Required action:
Only the lines below from the one containing "Some of the words" to the one containing "this 1504×1000 image." should be repeated, both included and unchanged.

═════ Material shown ═════

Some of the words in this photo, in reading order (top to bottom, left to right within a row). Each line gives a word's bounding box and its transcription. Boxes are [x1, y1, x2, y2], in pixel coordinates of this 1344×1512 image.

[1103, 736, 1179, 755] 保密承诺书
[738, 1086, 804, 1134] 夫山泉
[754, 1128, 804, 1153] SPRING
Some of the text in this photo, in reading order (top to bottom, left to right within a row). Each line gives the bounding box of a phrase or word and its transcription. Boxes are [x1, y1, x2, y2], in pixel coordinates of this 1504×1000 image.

═════
═════ Material shown ═════

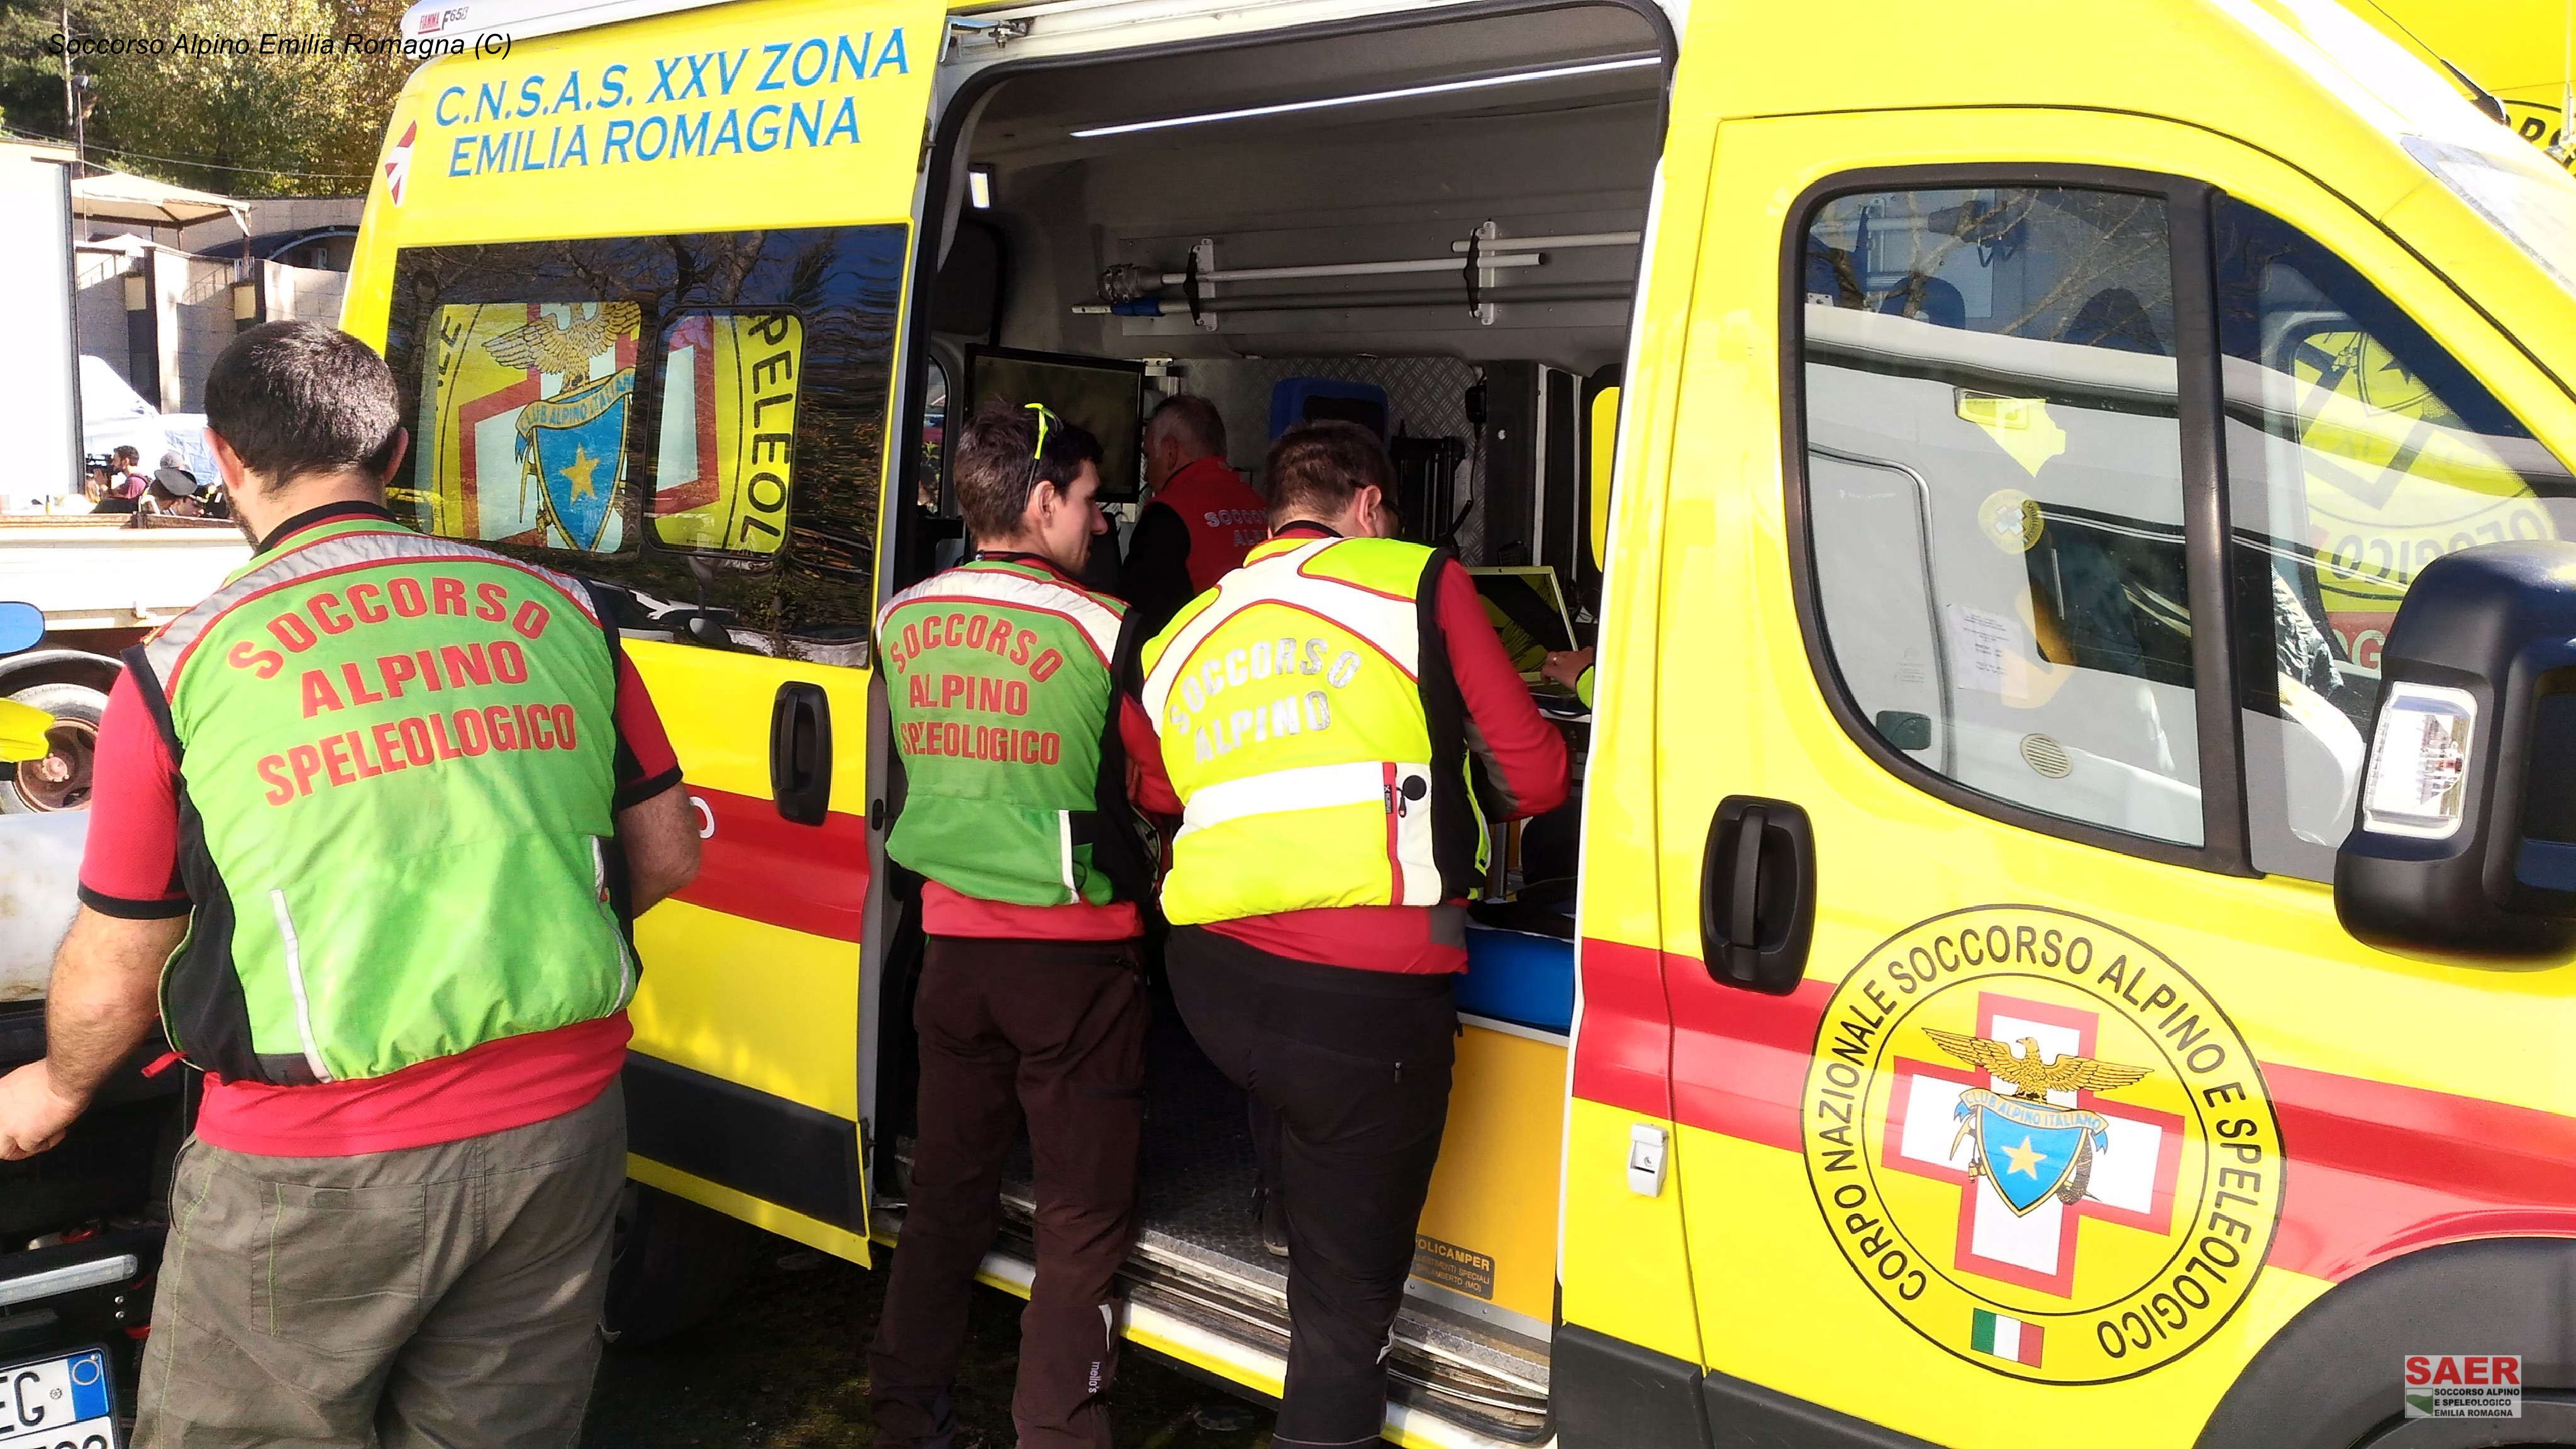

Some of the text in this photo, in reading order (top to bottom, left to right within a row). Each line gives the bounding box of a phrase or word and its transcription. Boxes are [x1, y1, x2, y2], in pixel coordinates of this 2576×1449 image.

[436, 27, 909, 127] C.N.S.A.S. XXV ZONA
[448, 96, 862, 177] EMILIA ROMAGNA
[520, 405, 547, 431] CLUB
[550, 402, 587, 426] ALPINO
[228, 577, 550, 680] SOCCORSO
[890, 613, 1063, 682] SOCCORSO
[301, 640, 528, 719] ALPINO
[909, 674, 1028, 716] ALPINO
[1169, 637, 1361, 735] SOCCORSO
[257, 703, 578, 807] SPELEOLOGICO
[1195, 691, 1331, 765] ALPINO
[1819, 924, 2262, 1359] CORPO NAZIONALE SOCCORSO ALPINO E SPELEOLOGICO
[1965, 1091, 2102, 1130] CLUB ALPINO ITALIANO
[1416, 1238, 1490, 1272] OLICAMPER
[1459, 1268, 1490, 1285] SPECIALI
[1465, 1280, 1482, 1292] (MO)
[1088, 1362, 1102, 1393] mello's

═════

Solution for this task:
Some of the words in this photo, in reading order (top to bottom, left to right within a row). Each line gives a word's bounding box and its transcription. Boxes are [x1, y1, x2, y2], in pixel coordinates of this 1344×1512 image.

[1103, 736, 1179, 755] 保密承诺书
[738, 1086, 804, 1134] 夫山泉
[754, 1128, 804, 1153] SPRING
Some of the text in this photo, in reading order (top to bottom, left to right within a row). Each line gives the bounding box of a phrase or word and its transcription. Boxes are [x1, y1, x2, y2], in pixel coordinates of this 1504×1000 image.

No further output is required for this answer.